▶ _What the task asks_
Your answer must be an exact copy of the entries below, with every picture removed.

Top of Provided records

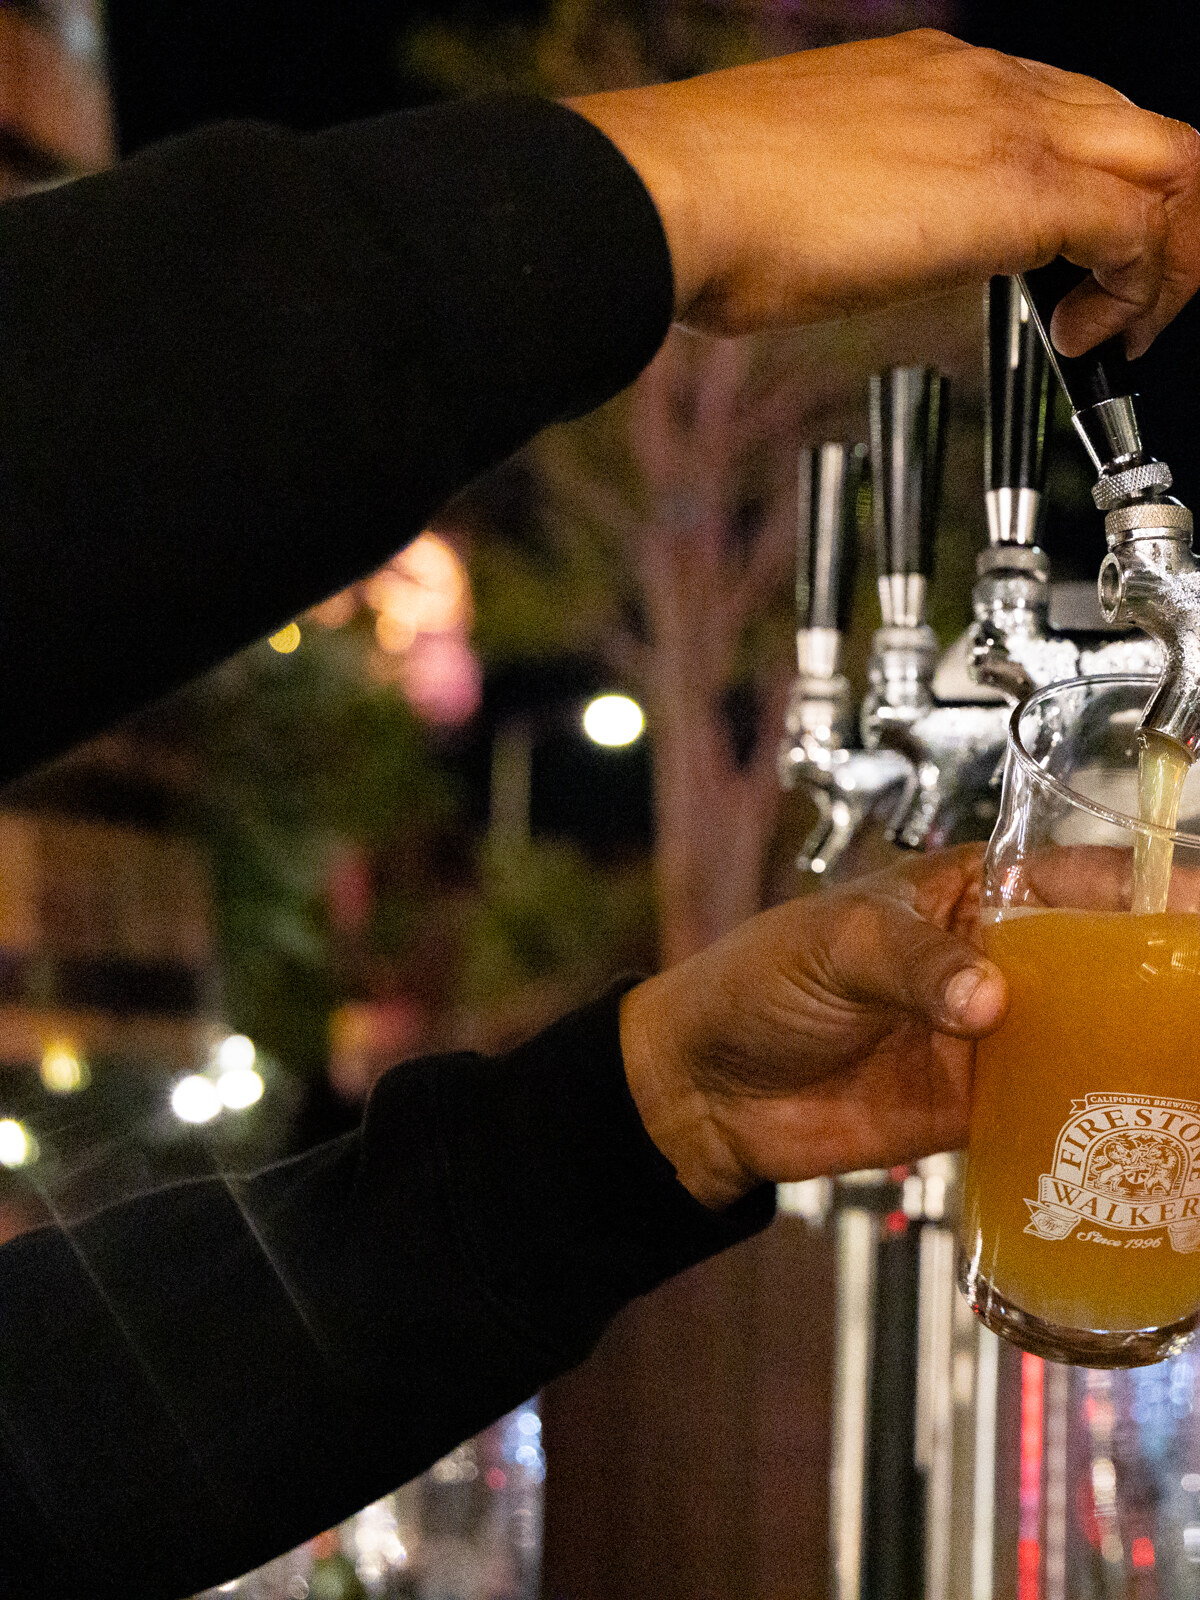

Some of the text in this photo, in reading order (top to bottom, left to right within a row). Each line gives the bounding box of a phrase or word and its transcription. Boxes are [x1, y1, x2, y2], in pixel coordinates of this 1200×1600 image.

[1090, 1096, 1151, 1105] CALIFORNIA
[1154, 1100, 1199, 1111] BREWING
[1052, 1181, 1200, 1226] WALKER
[1077, 1231, 1163, 1248] Since 1996
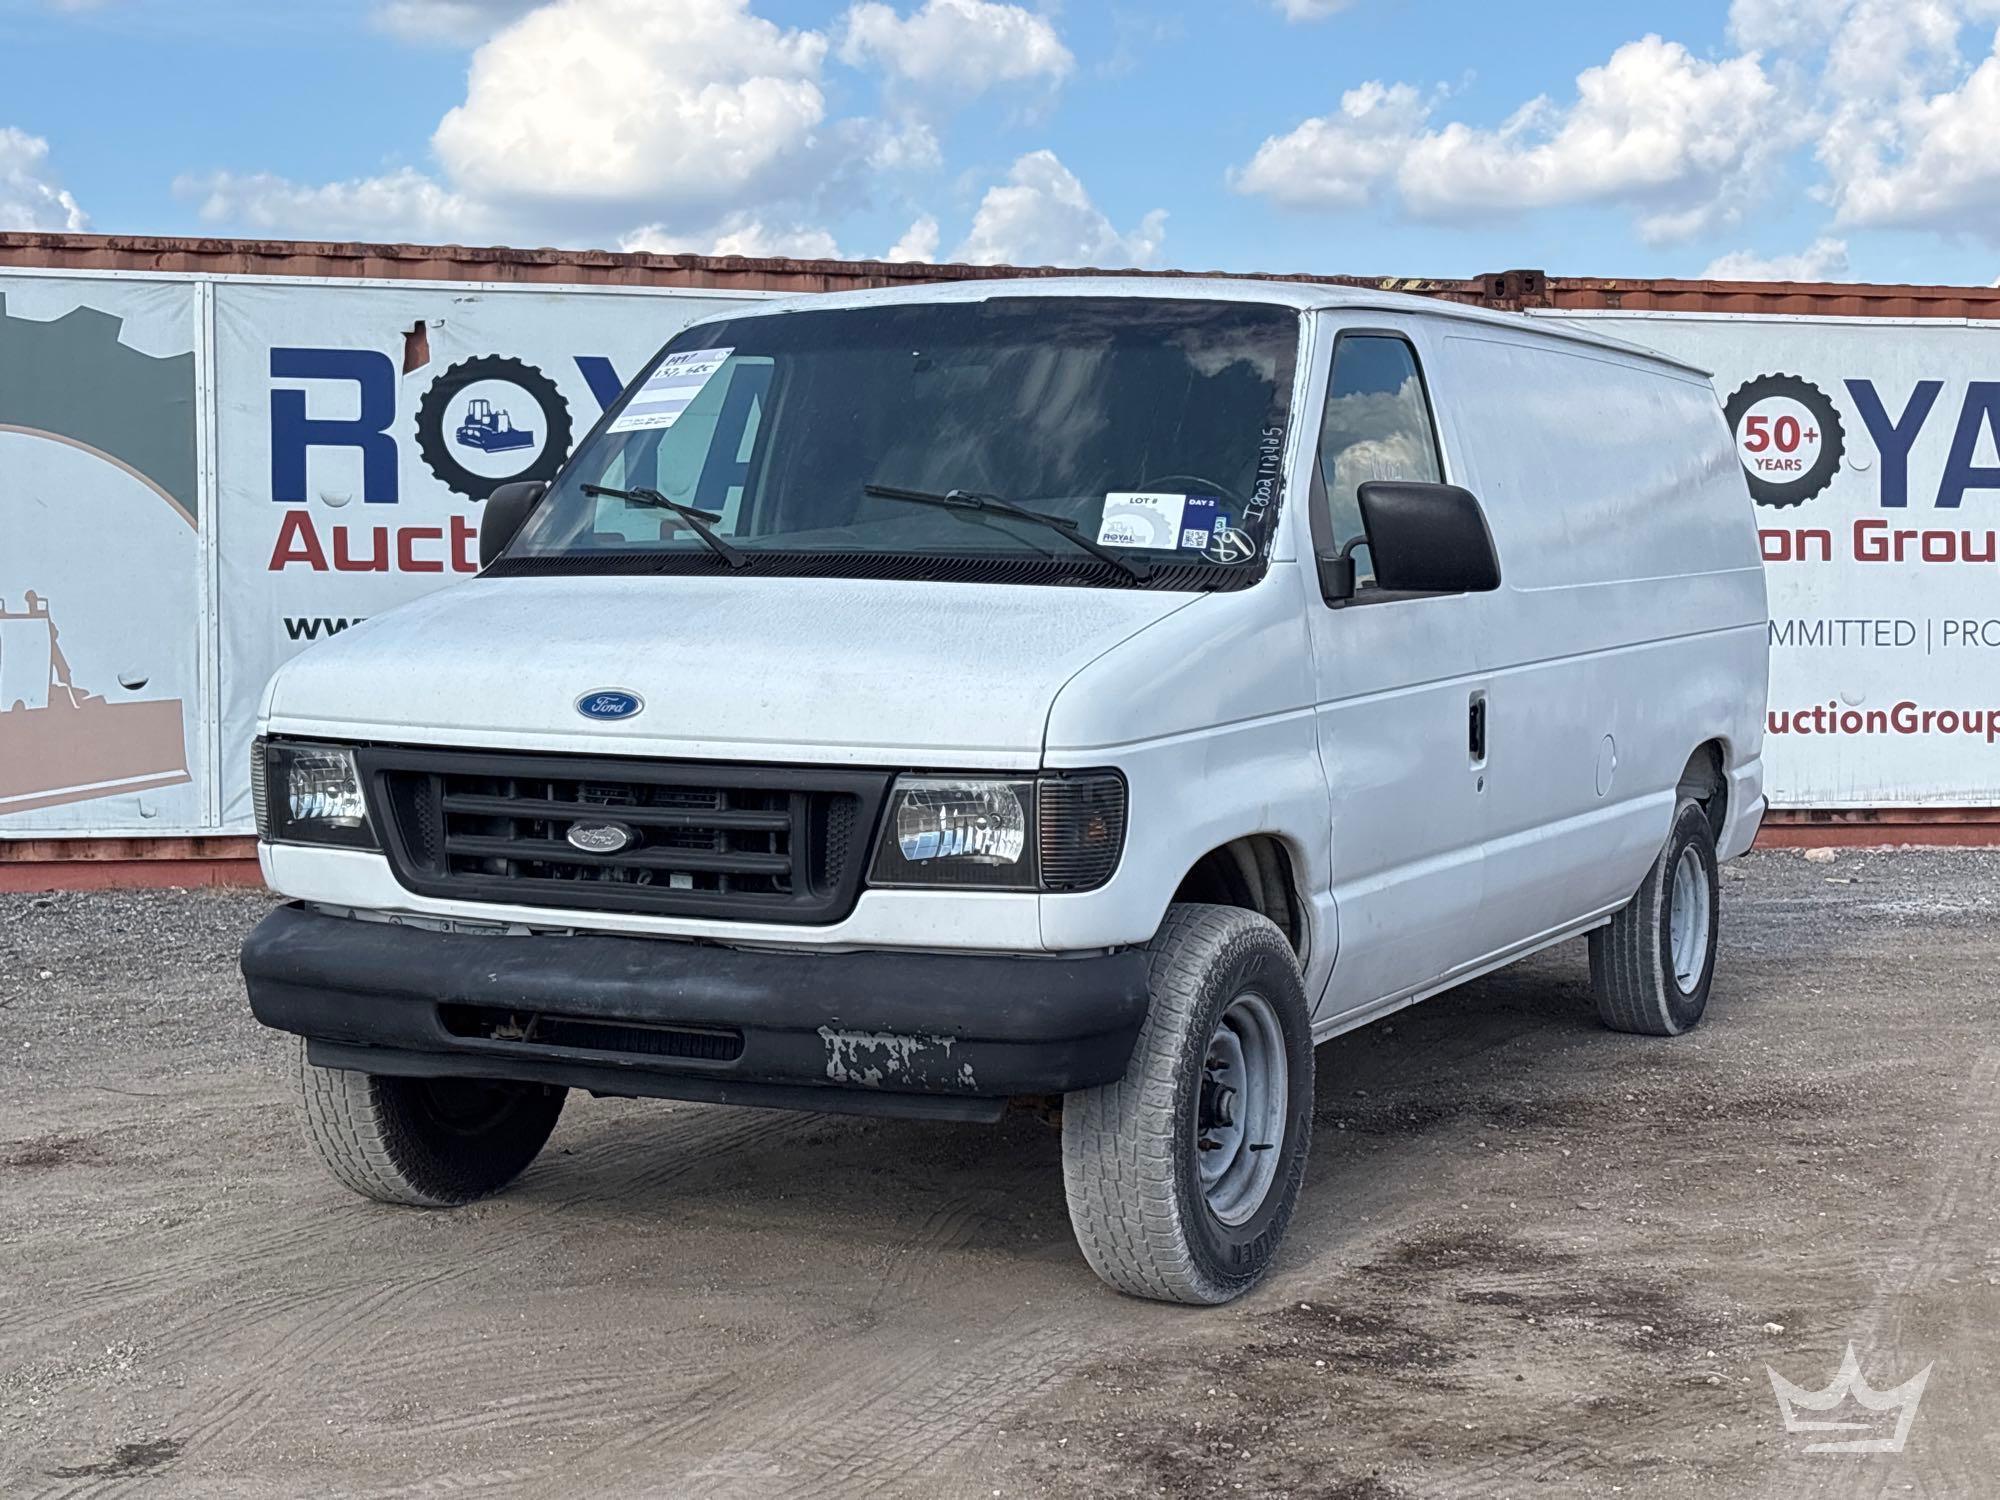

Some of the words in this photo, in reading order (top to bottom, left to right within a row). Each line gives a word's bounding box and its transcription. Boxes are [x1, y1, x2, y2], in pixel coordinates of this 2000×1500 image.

[1744, 415, 1819, 453] 50+
[1755, 458, 1803, 471] YEARS
[1188, 498, 1206, 506] DAY
[1103, 533, 1135, 542] ROYAL
[1853, 519, 1997, 563] Grou
[283, 617, 368, 641] ww
[591, 696, 627, 713] Ford
[1763, 700, 2000, 744] uctionGroup

Bottom of Provided records

▶ _Response to this exercise_
Some of the text in this photo, in reading order (top to bottom, left to right within a row). Each line gives the bounding box of a phrase or word and its transcription. Boxes are [x1, y1, x2, y2], in pixel coordinates of this 1200×1600 image.

[1090, 1096, 1151, 1105] CALIFORNIA
[1154, 1100, 1199, 1111] BREWING
[1052, 1181, 1200, 1226] WALKER
[1077, 1231, 1163, 1248] Since 1996

Some of the words in this photo, in reading order (top to bottom, left to right within a row). Each line gives a word's bounding box and its transcription. Boxes are [x1, y1, x2, y2], in pixel coordinates of this 2000×1500 image.

[1744, 415, 1819, 453] 50+
[1755, 458, 1803, 471] YEARS
[1188, 498, 1206, 506] DAY
[1103, 533, 1135, 542] ROYAL
[1853, 519, 1997, 563] Grou
[283, 617, 368, 641] ww
[591, 696, 627, 713] Ford
[1763, 700, 2000, 744] uctionGroup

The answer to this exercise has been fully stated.